Maybe Journals Are Just Record Labels
If the internet changed what record labels are for, maybe it's changing what journals are for, too.
I’m not a musician, so I’ve been texting friends who are.
It started with a throwaway thought: Maybe journals are just record labels.
Every time I think I’ve found where the analogy breaks, someone sends me another text that makes it a little more interesting.
One friend pointed out that recording studios are a bit like research labs. You can have a brilliant song sitting in your Notes app. At some point, though, you need a place, the equipment, and the people to help turn it into something real.
Fair enough.
Then we started talking about record labels.

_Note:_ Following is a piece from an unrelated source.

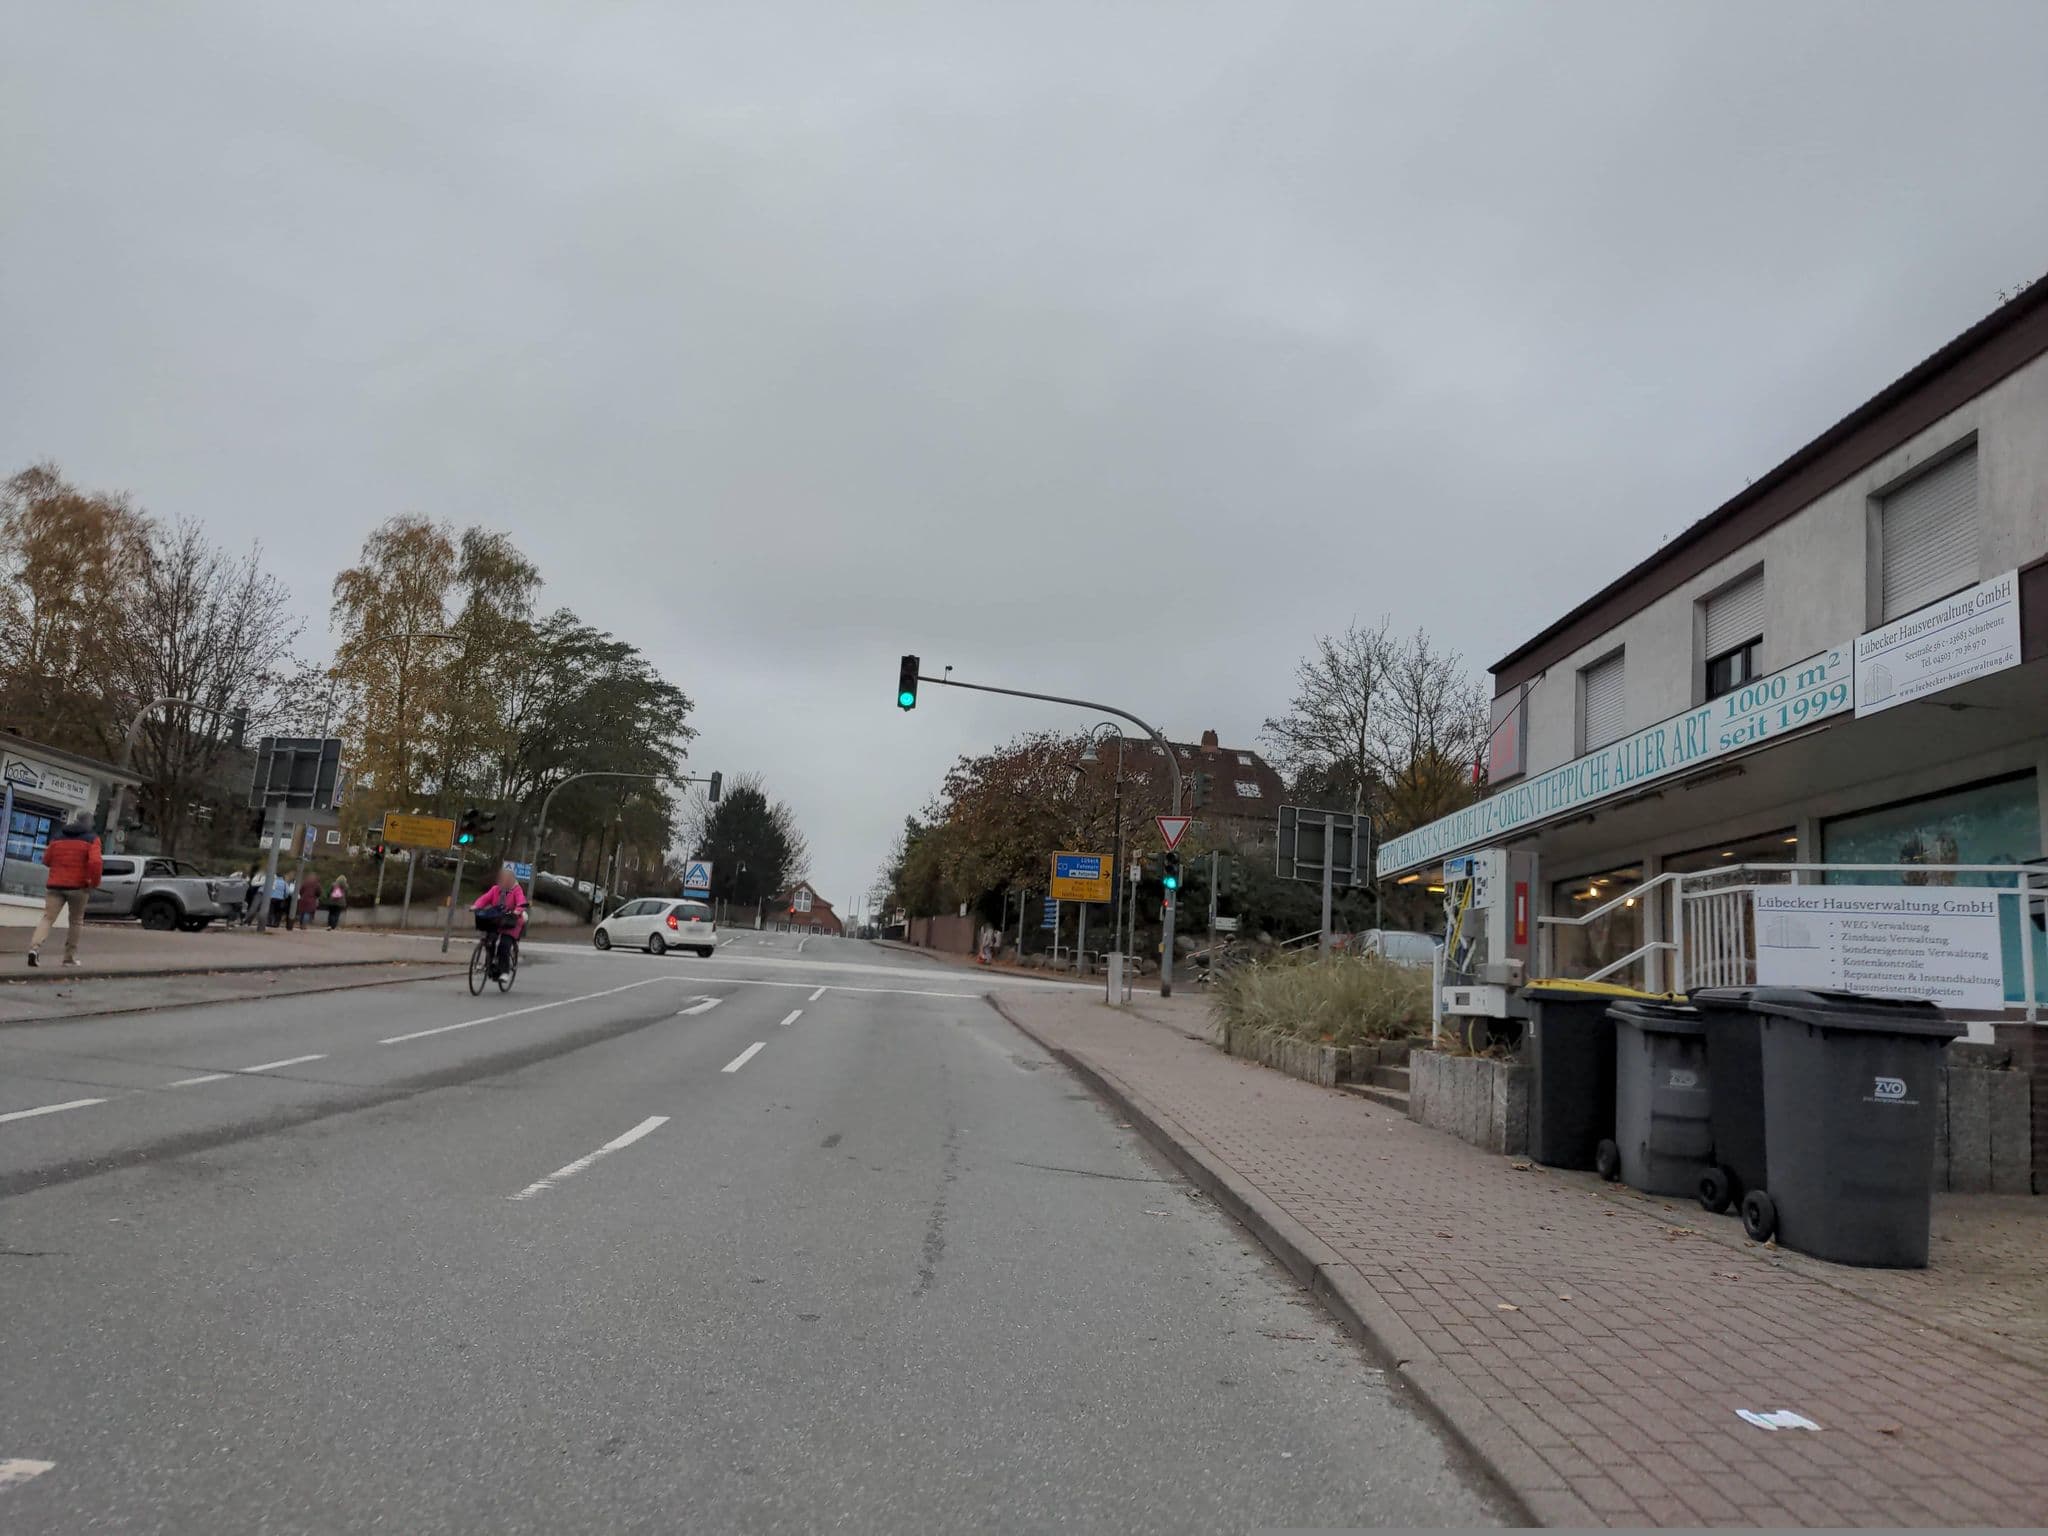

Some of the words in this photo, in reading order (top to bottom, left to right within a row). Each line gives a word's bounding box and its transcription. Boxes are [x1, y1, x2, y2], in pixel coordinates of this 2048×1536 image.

My first instinct was that labels are mostly about distribution. But that isn’t really true anymore. Anyone can upload a song to Spotify. Distribution isn’t what it used to be.
So why do artists still sign with labels?
Some labels are undoubtedly predatory. Others, especially independent ones, seem to exist because people trust their taste. They discover artists early. They help connect musicians with producers. They invest in records they believe in. They introduce listeners to music they might never have found on their own.
People don’t just follow artists.
Sometimes they follow labels.
That got me thinking about journals.
For most of scientific history, journals did two jobs at once. They evaluated research and they distributed it. Those roles were naturally intertwined because printing and mailing journals was hard.
Today, sharing a paper is almost trivial.
Finding the papers worth reading isn’t.
Maybe that’s why this analogy keeps sticking with me.
If the internet changed what record labels are for, maybe it’s changing what journals are for, too.
Not because journals have become obsolete.
Because their comparative advantage has shifted.
Maybe the journals that thrive won’t be the ones that simply publish papers. Maybe they’ll be the ones known for exceptional editors, thoughtful peer review, clear communication, or an uncanny ability to identify important work early.
In other words, taste.
One of my musician friends texted me something else that I haven’t stopped thinking about.
He said most musicians don’t hate music. They get frustrated with the industry surrounding it. The incentives, the economics, the tiny fraction of artists who capture almost all of the attention. Success and craft don’t always move together.
Academia feels… familiar.
I’m not sure that belongs in this analogy.
Or maybe it’s the beginning of a different one.
Either way, I have a feeling I’ll keep texting musicians.